» Listed records:
▬▬▬▬▬▬▬▬▬▬

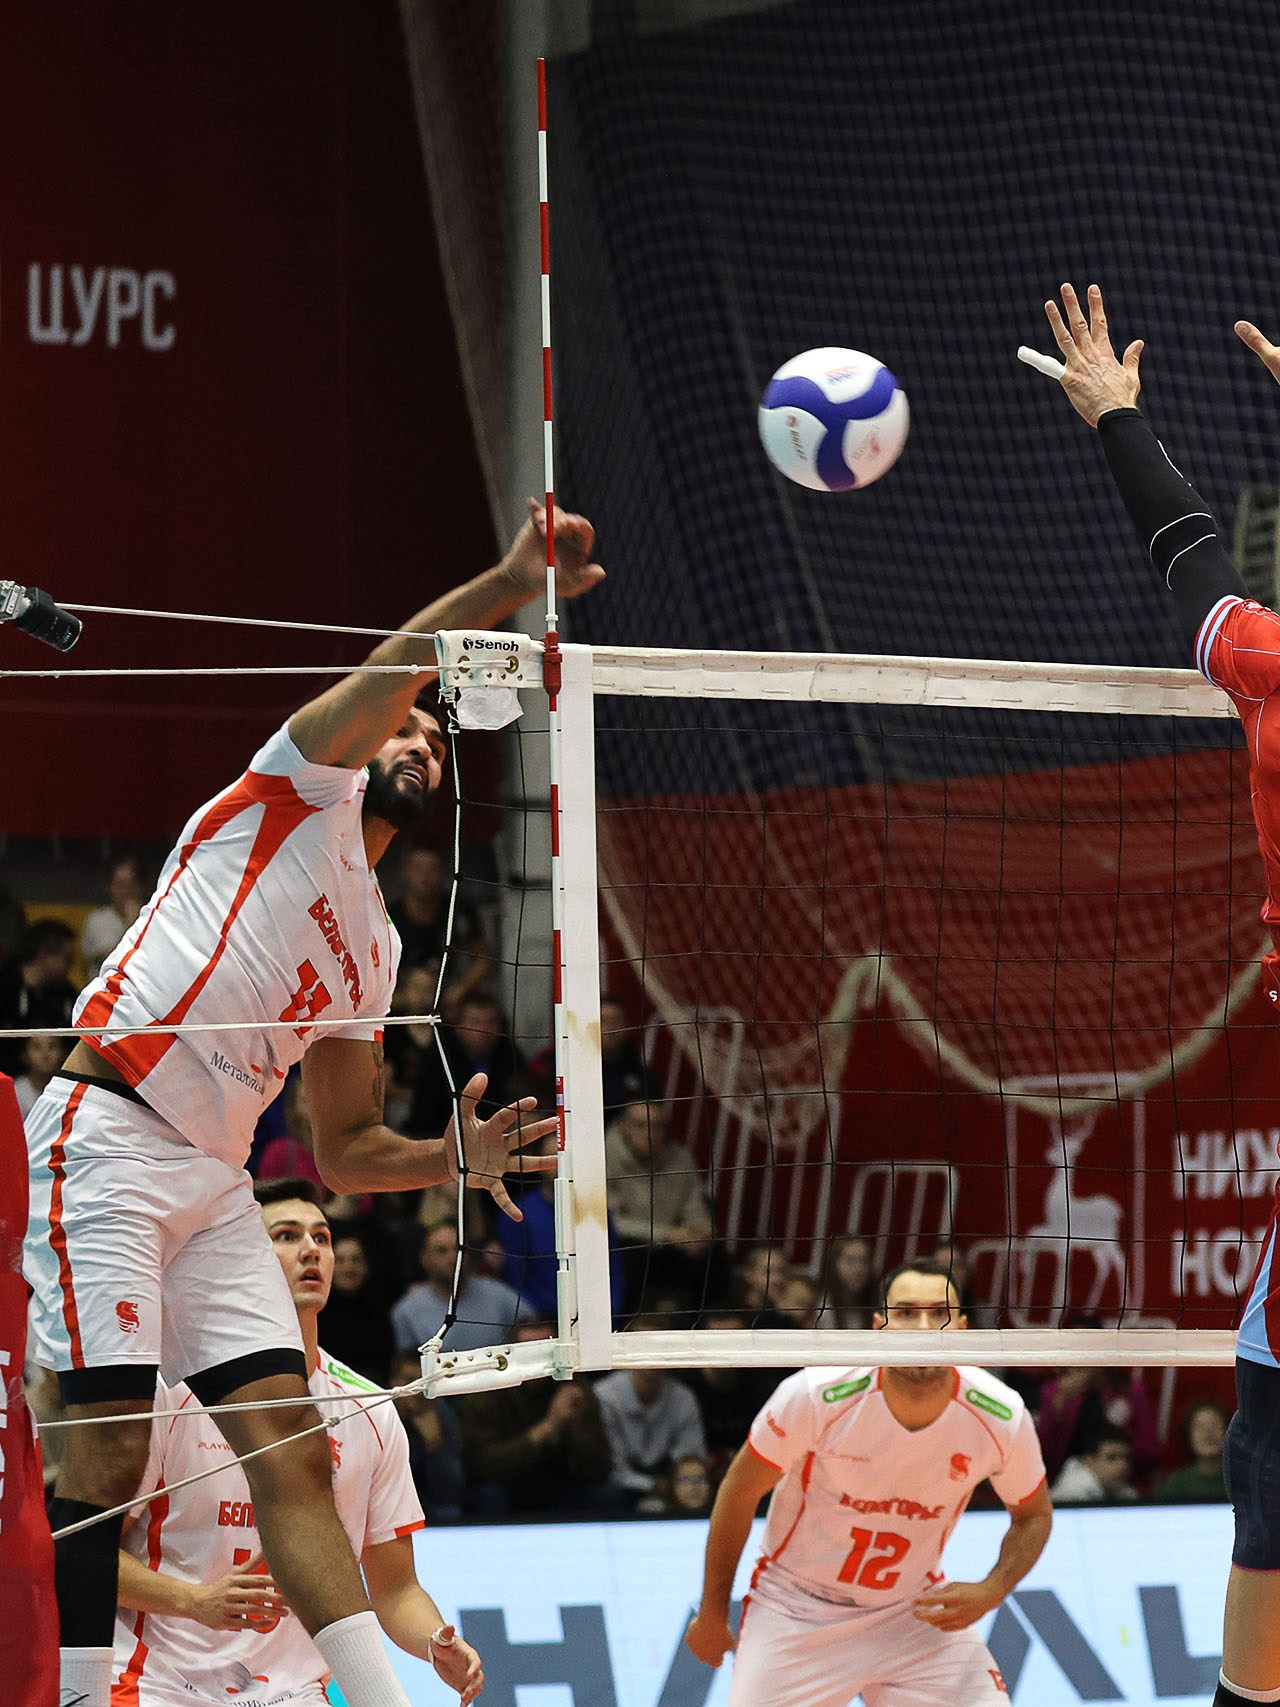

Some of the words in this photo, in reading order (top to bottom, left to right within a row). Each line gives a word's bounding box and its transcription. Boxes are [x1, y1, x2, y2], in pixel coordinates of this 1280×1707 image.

[28, 262, 176, 352] ЦУРС
[474, 640, 519, 652] Senoh
[218, 1501, 257, 1528] БЕЛ
[837, 1526, 911, 1591] 12

▬▬▬▬▬▬▬▬▬▬

» Problem details: Reproduce the listing word for word and omit its pictures.

» Exercise response:
Some of the words in this photo, in reading order (top to bottom, left to right within a row). Each line gives a word's bounding box and its transcription. Boxes are [x1, y1, x2, y2], in pixel coordinates of this 1280×1707 image.

[28, 262, 176, 352] ЦУРС
[474, 640, 519, 652] Senoh
[218, 1501, 257, 1528] БЕЛ
[837, 1526, 911, 1591] 12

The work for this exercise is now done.